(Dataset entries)

# # #

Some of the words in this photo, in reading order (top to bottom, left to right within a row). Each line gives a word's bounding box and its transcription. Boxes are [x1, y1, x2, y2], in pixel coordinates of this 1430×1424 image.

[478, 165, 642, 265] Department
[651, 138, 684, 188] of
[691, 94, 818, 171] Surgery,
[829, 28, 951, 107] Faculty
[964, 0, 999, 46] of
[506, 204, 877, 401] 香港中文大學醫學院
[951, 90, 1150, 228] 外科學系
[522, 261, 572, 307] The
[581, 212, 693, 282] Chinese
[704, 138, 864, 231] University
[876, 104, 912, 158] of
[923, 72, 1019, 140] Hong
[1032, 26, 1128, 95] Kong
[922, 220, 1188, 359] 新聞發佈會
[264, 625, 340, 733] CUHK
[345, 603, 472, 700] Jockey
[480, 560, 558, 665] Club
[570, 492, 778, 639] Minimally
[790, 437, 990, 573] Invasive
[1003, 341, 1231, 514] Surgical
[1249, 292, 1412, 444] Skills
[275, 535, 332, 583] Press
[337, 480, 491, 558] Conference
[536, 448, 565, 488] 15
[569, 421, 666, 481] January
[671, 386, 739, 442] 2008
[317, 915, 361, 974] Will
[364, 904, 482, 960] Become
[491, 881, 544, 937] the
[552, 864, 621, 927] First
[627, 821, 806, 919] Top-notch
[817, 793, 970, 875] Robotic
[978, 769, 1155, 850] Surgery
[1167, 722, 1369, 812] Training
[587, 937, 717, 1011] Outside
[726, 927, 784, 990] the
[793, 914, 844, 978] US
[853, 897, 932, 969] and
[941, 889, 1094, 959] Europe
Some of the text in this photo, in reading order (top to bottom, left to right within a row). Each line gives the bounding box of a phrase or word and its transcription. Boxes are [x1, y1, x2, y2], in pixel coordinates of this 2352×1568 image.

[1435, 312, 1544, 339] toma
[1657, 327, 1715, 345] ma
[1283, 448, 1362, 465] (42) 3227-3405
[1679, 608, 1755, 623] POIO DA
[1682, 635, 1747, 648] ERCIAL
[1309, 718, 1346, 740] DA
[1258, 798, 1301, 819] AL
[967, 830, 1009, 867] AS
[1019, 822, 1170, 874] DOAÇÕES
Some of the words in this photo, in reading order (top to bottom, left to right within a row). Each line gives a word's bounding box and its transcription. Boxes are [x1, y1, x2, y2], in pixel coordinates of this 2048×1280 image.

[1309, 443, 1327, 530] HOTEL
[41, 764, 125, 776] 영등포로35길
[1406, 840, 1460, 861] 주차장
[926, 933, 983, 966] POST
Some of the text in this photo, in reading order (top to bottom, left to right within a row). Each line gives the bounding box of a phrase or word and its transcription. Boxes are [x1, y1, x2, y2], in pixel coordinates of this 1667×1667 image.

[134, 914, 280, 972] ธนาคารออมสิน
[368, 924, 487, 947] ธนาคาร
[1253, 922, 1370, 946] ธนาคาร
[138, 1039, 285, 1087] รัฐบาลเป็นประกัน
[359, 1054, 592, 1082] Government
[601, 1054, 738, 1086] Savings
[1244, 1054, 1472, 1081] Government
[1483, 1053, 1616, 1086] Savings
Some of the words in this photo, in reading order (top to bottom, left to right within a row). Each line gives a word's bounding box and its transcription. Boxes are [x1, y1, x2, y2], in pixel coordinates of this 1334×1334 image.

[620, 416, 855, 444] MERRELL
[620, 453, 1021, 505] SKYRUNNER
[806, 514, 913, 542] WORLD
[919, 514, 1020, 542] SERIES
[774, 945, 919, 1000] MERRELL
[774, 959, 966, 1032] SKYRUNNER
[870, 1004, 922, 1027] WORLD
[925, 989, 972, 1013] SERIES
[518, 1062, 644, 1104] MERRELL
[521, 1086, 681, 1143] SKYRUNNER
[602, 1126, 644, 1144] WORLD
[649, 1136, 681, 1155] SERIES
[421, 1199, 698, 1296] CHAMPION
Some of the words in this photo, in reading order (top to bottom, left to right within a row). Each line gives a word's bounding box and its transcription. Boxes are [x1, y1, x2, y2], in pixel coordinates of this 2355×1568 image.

# # #

◆ Problem to work on
Retype all of the entries. Keep each one exactly as written.

◆ Solution to the problem
Some of the words in this photo, in reading order (top to bottom, left to right within a row). Each line gives a word's bounding box and its transcription. Boxes are [x1, y1, x2, y2], in pixel coordinates of this 1430×1424 image.

[478, 165, 642, 265] Department
[651, 138, 684, 188] of
[691, 94, 818, 171] Surgery,
[829, 28, 951, 107] Faculty
[964, 0, 999, 46] of
[506, 204, 877, 401] 香港中文大學醫學院
[951, 90, 1150, 228] 外科學系
[522, 261, 572, 307] The
[581, 212, 693, 282] Chinese
[704, 138, 864, 231] University
[876, 104, 912, 158] of
[923, 72, 1019, 140] Hong
[1032, 26, 1128, 95] Kong
[922, 220, 1188, 359] 新聞發佈會
[264, 625, 340, 733] CUHK
[345, 603, 472, 700] Jockey
[480, 560, 558, 665] Club
[570, 492, 778, 639] Minimally
[790, 437, 990, 573] Invasive
[1003, 341, 1231, 514] Surgical
[1249, 292, 1412, 444] Skills
[275, 535, 332, 583] Press
[337, 480, 491, 558] Conference
[536, 448, 565, 488] 15
[569, 421, 666, 481] January
[671, 386, 739, 442] 2008
[317, 915, 361, 974] Will
[364, 904, 482, 960] Become
[491, 881, 544, 937] the
[552, 864, 621, 927] First
[627, 821, 806, 919] Top-notch
[817, 793, 970, 875] Robotic
[978, 769, 1155, 850] Surgery
[1167, 722, 1369, 812] Training
[587, 937, 717, 1011] Outside
[726, 927, 784, 990] the
[793, 914, 844, 978] US
[853, 897, 932, 969] and
[941, 889, 1094, 959] Europe
Some of the text in this photo, in reading order (top to bottom, left to right within a row). Each line gives the bounding box of a phrase or word and its transcription. Boxes are [x1, y1, x2, y2], in pixel coordinates of this 2352×1568 image.

[1435, 312, 1544, 339] toma
[1657, 327, 1715, 345] ma
[1283, 448, 1362, 465] (42) 3227-3405
[1679, 608, 1755, 623] POIO DA
[1682, 635, 1747, 648] ERCIAL
[1309, 718, 1346, 740] DA
[1258, 798, 1301, 819] AL
[967, 830, 1009, 867] AS
[1019, 822, 1170, 874] DOAÇÕES
Some of the words in this photo, in reading order (top to bottom, left to right within a row). Each line gives a word's bounding box and its transcription. Boxes are [x1, y1, x2, y2], in pixel coordinates of this 2048×1280 image.

[1309, 443, 1327, 530] HOTEL
[41, 764, 125, 776] 영등포로35길
[1406, 840, 1460, 861] 주차장
[926, 933, 983, 966] POST
Some of the text in this photo, in reading order (top to bottom, left to right within a row). Each line gives the bounding box of a phrase or word and its transcription. Boxes are [x1, y1, x2, y2], in pixel coordinates of this 1667×1667 image.

[134, 914, 280, 972] ธนาคารออมสิน
[368, 924, 487, 947] ธนาคาร
[1253, 922, 1370, 946] ธนาคาร
[138, 1039, 285, 1087] รัฐบาลเป็นประกัน
[359, 1054, 592, 1082] Government
[601, 1054, 738, 1086] Savings
[1244, 1054, 1472, 1081] Government
[1483, 1053, 1616, 1086] Savings
Some of the words in this photo, in reading order (top to bottom, left to right within a row). Each line gives a word's bounding box and its transcription. Boxes are [x1, y1, x2, y2], in pixel coordinates of this 1334×1334 image.

[620, 416, 855, 444] MERRELL
[620, 453, 1021, 505] SKYRUNNER
[806, 514, 913, 542] WORLD
[919, 514, 1020, 542] SERIES
[774, 945, 919, 1000] MERRELL
[774, 959, 966, 1032] SKYRUNNER
[870, 1004, 922, 1027] WORLD
[925, 989, 972, 1013] SERIES
[518, 1062, 644, 1104] MERRELL
[521, 1086, 681, 1143] SKYRUNNER
[602, 1126, 644, 1144] WORLD
[649, 1136, 681, 1155] SERIES
[421, 1199, 698, 1296] CHAMPION
Some of the words in this photo, in reading order (top to bottom, left to right within a row). Each line gives a word's bounding box and its transcription. Boxes are [x1, y1, x2, y2], in pixel coordinates of this 2355×1568 image.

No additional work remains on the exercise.